Wirtschaftlich müsse sich Deutschland an die Gegebenheiten der Moderne anpassen. „In der Zeit, in der wir in Berlin einen Flughafen nicht bauen, bauen sie in China 60.“ Man dürfe, so Spahn, die Wettbewerbsfähigkeit Deutschlands nicht riskieren, in dem man beispielsweise unverhältnismäßige ökologische Anforderungen an die Industrie stelle.

Drittens müsse man, um das Vertrauen in die Partei zurückzugewinnen, auch zeigen, dass man nicht nur an die Gegenwart, sondern auch an die großen Themen der Zukunft denke. Einer der wichtigsten Punkte sei hier der demografische Wandel – die Tatsache, dass unsere Gesellschaft durchschnittlich immer älter wird. Wir müssten uns darauf einstellen, dass in 16 bis 17 Jahren 1,4 Millionen Menschen in Rente gehen, aber nicht mal halb so viele von der zehnten Klasse in den Arbeitsmarkt wechseln, sagte Spahn.

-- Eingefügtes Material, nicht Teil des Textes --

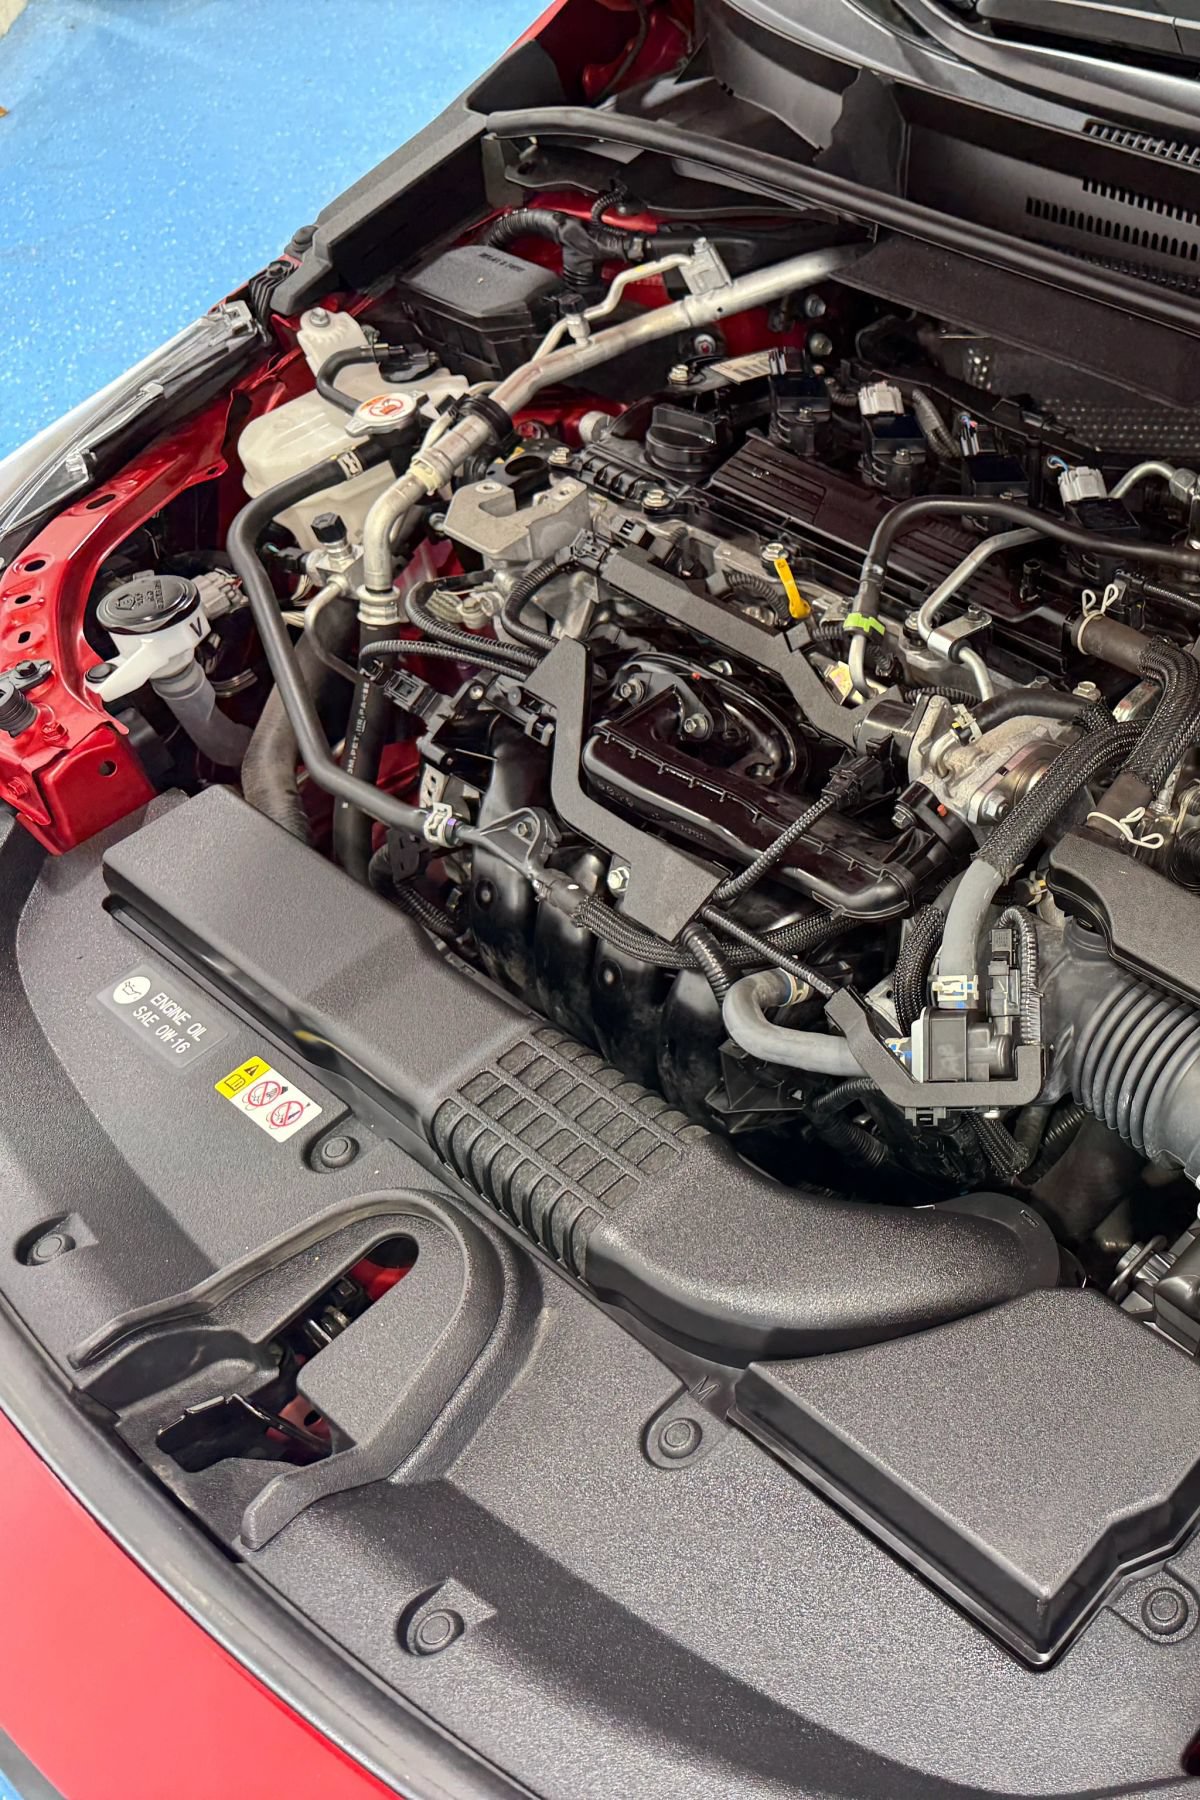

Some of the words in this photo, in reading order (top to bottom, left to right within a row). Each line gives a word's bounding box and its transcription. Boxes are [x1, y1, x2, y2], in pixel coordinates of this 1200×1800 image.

[190, 617, 203, 638] V
[132, 1006, 160, 1027] SAE
[155, 1025, 191, 1054] 0W-16
[150, 992, 192, 1026] ENGINE
[186, 1023, 207, 1041] OIL

Auch die europäische Zusammenarbeit sei ein Kernthema der Christdemokraten: „Wir waren immer die Europapartei. Die anderen reden immer nur miesepetrig über Europa.“ Es gebe bereits mehrere Länder, die gemeinsame militärische Einheiten mit Deutschland hätten, hier liege es an Deutschland und Frankreich, diese Zusammenarbeit auszuweiten.

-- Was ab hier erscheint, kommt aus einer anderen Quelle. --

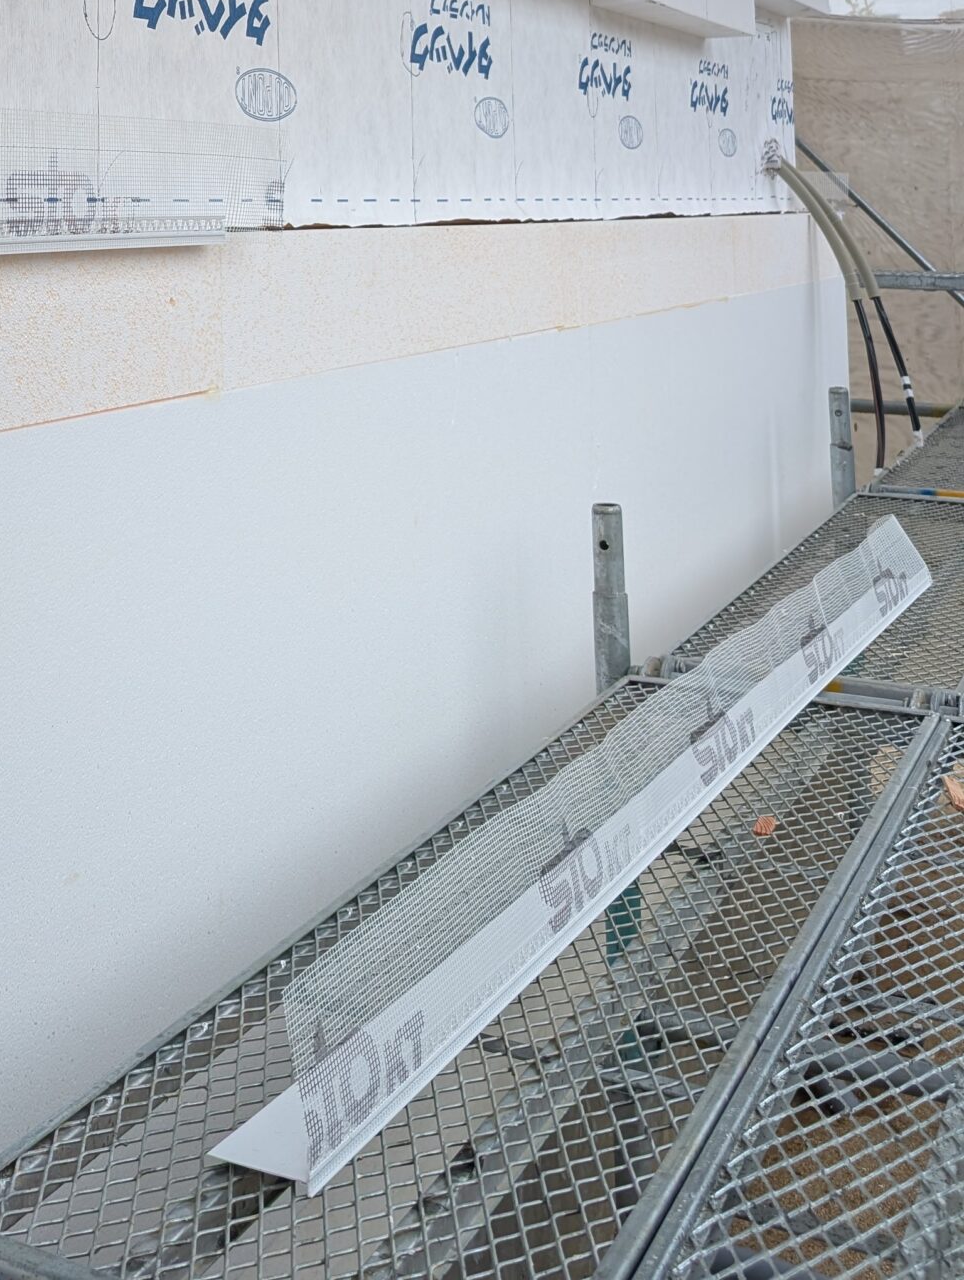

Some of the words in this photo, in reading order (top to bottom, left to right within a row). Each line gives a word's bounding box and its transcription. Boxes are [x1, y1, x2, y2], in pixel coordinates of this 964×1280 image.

[409, 22, 493, 80] タイベック
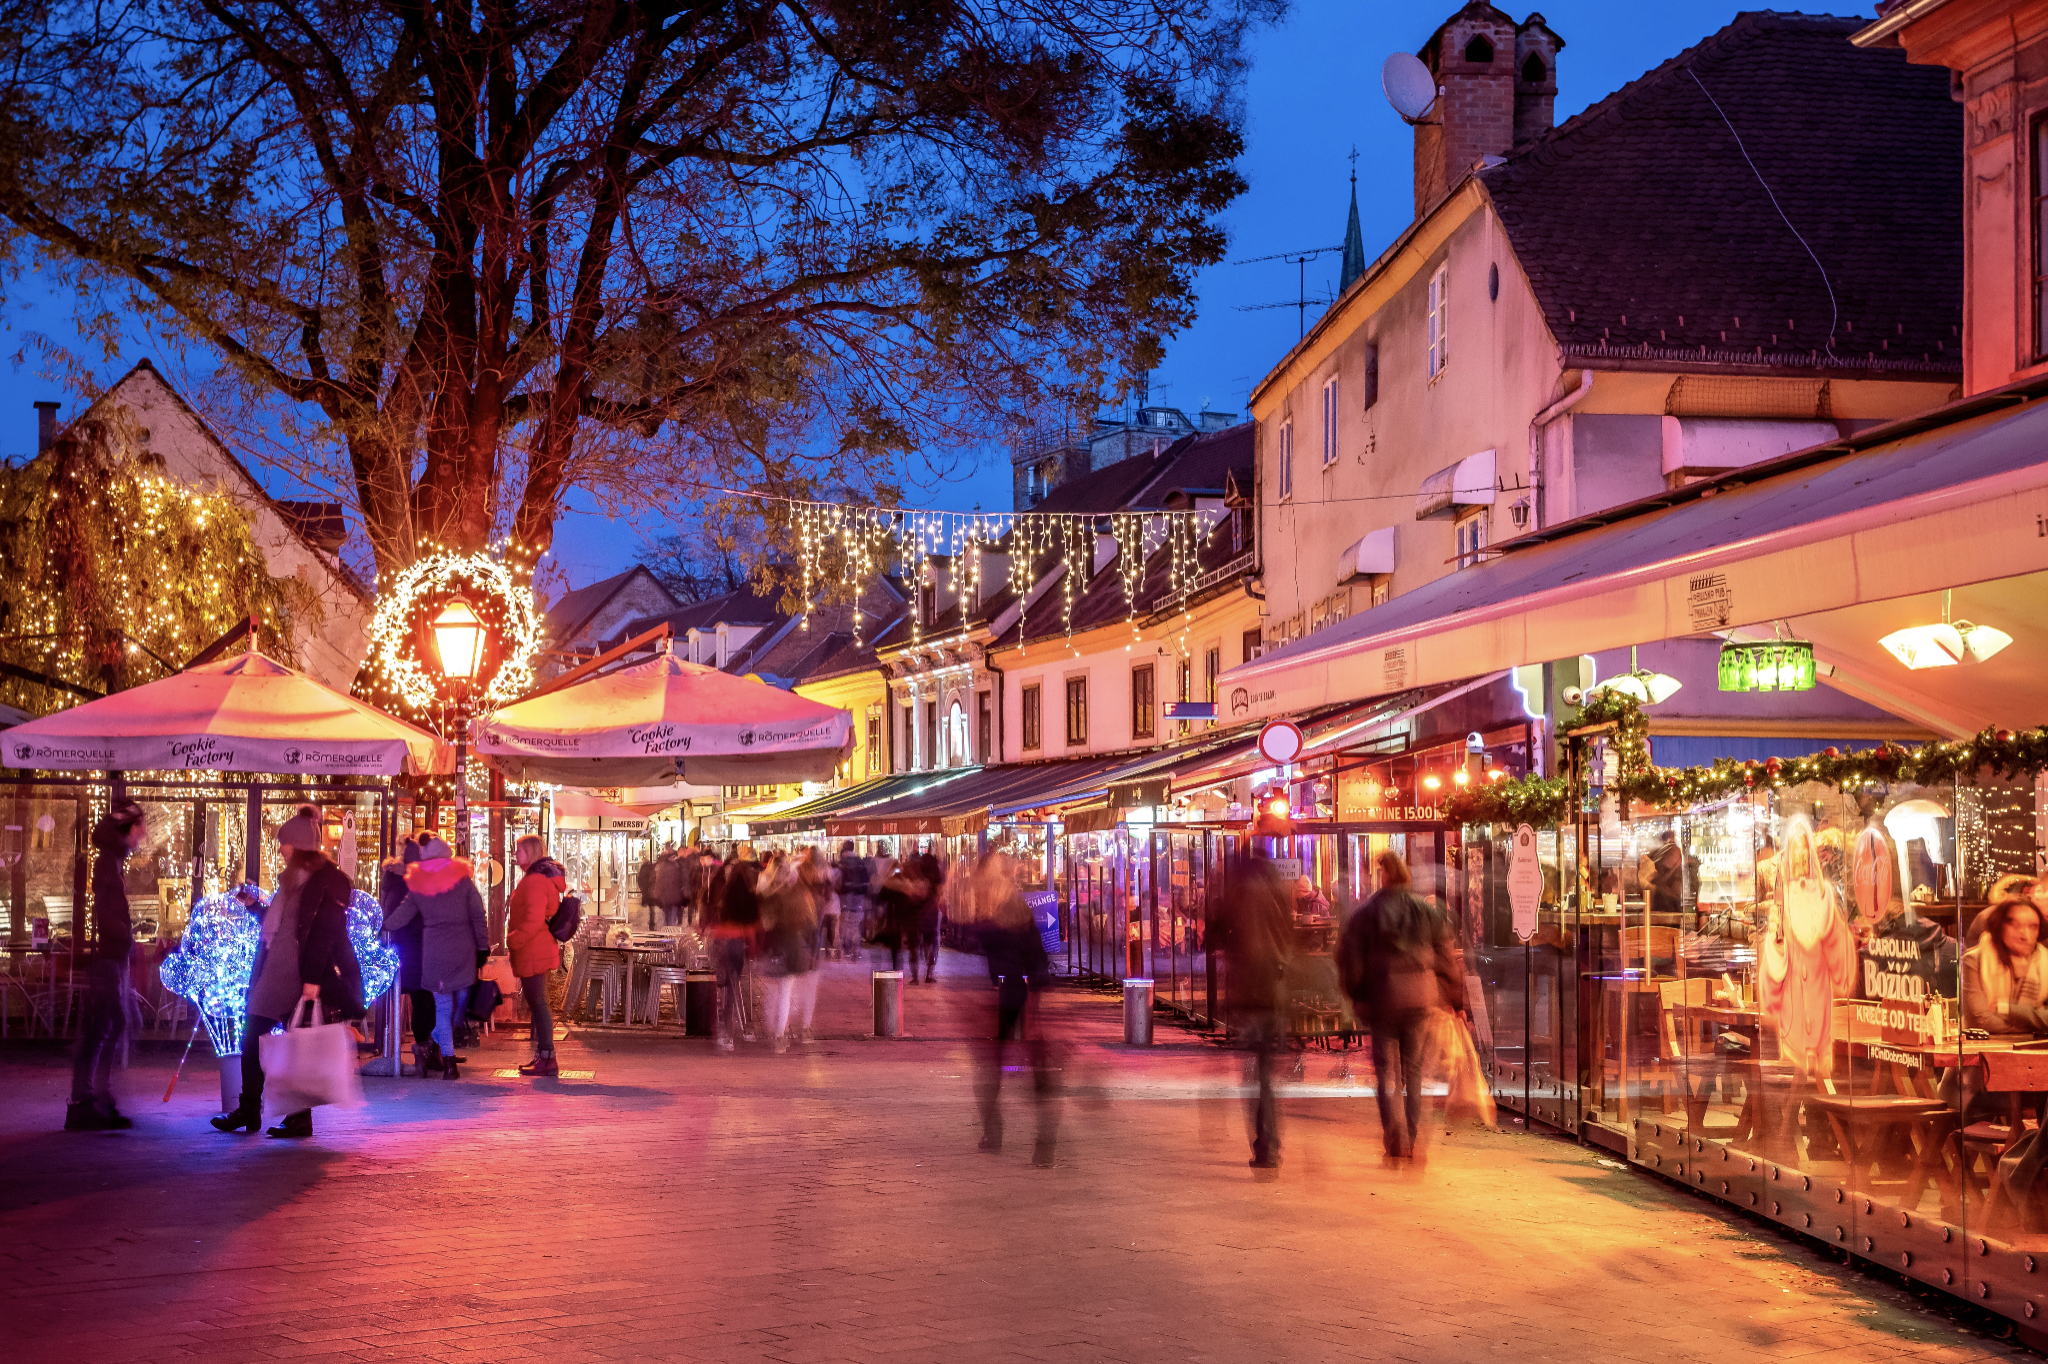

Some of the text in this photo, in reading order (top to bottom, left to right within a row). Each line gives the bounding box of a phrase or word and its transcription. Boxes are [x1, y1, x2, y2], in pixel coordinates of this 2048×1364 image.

[631, 725, 674, 744] Cookie
[171, 738, 216, 756] Cookie
[645, 736, 692, 754] Factory
[185, 751, 234, 767] Factory
[1889, 1009, 1906, 1030] OD

Schließlich sei es, viertens, wichtig, den Menschen Halt zu bieten. Das Bedürfnis nach Verbindlichkeiten sei in der Bevölkerung in den letzten Jahren gestiegen. In einer Welt, in der sogar Großeltern ständig mit ihren Enkeln über Whatsapp verbunden seien, bräuchten die Bürger das Gefühl von Heimat, einem Ort, an dem sie sich nicht erklären müssen.